-- RECORDS FOR THE EXERCISE follows --

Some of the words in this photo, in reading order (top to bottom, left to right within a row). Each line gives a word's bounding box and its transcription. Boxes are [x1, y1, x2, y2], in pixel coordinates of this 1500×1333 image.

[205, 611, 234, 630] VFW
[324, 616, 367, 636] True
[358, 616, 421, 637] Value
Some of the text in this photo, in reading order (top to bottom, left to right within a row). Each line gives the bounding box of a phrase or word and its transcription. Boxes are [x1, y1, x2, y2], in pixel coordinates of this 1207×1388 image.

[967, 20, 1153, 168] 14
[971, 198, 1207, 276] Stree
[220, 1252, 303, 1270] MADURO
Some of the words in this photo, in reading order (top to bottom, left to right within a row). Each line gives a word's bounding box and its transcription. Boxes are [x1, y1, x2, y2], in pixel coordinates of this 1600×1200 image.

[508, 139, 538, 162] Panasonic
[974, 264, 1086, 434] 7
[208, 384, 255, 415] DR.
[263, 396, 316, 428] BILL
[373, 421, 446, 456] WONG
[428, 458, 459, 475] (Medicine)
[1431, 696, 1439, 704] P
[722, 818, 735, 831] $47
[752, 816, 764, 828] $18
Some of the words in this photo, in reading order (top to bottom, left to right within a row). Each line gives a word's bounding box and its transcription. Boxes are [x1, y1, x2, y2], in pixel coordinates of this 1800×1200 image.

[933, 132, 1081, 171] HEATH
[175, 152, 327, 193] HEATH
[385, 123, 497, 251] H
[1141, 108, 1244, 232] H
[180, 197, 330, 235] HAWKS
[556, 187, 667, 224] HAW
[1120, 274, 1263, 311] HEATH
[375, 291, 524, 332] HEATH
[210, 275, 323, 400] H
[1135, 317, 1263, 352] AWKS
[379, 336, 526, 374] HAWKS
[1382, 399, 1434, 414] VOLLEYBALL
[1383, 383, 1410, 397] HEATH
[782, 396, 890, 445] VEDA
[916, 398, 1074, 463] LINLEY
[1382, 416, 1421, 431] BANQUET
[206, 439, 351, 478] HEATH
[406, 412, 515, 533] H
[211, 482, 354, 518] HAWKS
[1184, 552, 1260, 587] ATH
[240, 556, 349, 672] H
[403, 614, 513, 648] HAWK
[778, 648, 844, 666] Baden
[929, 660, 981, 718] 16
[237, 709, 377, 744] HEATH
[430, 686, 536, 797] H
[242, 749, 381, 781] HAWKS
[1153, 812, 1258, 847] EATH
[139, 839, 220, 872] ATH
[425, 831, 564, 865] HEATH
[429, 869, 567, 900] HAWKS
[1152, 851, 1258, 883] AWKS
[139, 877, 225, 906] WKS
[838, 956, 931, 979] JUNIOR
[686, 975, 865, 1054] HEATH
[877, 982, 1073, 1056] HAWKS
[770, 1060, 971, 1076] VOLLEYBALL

-- RECORDS FOR THE EXERCISE concluded --

◆ WORK REQUEST: Retype each line above exactly as written.

◆ SOLUTION TO THE EXERCISE:
Some of the words in this photo, in reading order (top to bottom, left to right within a row). Each line gives a word's bounding box and its transcription. Boxes are [x1, y1, x2, y2], in pixel coordinates of this 1500×1333 image.

[205, 611, 234, 630] VFW
[324, 616, 367, 636] True
[358, 616, 421, 637] Value
Some of the text in this photo, in reading order (top to bottom, left to right within a row). Each line gives the bounding box of a phrase or word and its transcription. Boxes are [x1, y1, x2, y2], in pixel coordinates of this 1207×1388 image.

[967, 20, 1153, 168] 14
[971, 198, 1207, 276] Stree
[220, 1252, 303, 1270] MADURO
Some of the words in this photo, in reading order (top to bottom, left to right within a row). Each line gives a word's bounding box and its transcription. Boxes are [x1, y1, x2, y2], in pixel coordinates of this 1600×1200 image.

[508, 139, 538, 162] Panasonic
[974, 264, 1086, 434] 7
[208, 384, 255, 415] DR.
[263, 396, 316, 428] BILL
[373, 421, 446, 456] WONG
[428, 458, 459, 475] (Medicine)
[1431, 696, 1439, 704] P
[722, 818, 735, 831] $47
[752, 816, 764, 828] $18
Some of the words in this photo, in reading order (top to bottom, left to right within a row). Each line gives a word's bounding box and its transcription. Boxes are [x1, y1, x2, y2], in pixel coordinates of this 1800×1200 image.

[933, 132, 1081, 171] HEATH
[175, 152, 327, 193] HEATH
[385, 123, 497, 251] H
[1141, 108, 1244, 232] H
[180, 197, 330, 235] HAWKS
[556, 187, 667, 224] HAW
[1120, 274, 1263, 311] HEATH
[375, 291, 524, 332] HEATH
[210, 275, 323, 400] H
[1135, 317, 1263, 352] AWKS
[379, 336, 526, 374] HAWKS
[1382, 399, 1434, 414] VOLLEYBALL
[1383, 383, 1410, 397] HEATH
[782, 396, 890, 445] VEDA
[916, 398, 1074, 463] LINLEY
[1382, 416, 1421, 431] BANQUET
[206, 439, 351, 478] HEATH
[406, 412, 515, 533] H
[211, 482, 354, 518] HAWKS
[1184, 552, 1260, 587] ATH
[240, 556, 349, 672] H
[403, 614, 513, 648] HAWK
[778, 648, 844, 666] Baden
[929, 660, 981, 718] 16
[237, 709, 377, 744] HEATH
[430, 686, 536, 797] H
[242, 749, 381, 781] HAWKS
[1153, 812, 1258, 847] EATH
[139, 839, 220, 872] ATH
[425, 831, 564, 865] HEATH
[429, 869, 567, 900] HAWKS
[1152, 851, 1258, 883] AWKS
[139, 877, 225, 906] WKS
[838, 956, 931, 979] JUNIOR
[686, 975, 865, 1054] HEATH
[877, 982, 1073, 1056] HAWKS
[770, 1060, 971, 1076] VOLLEYBALL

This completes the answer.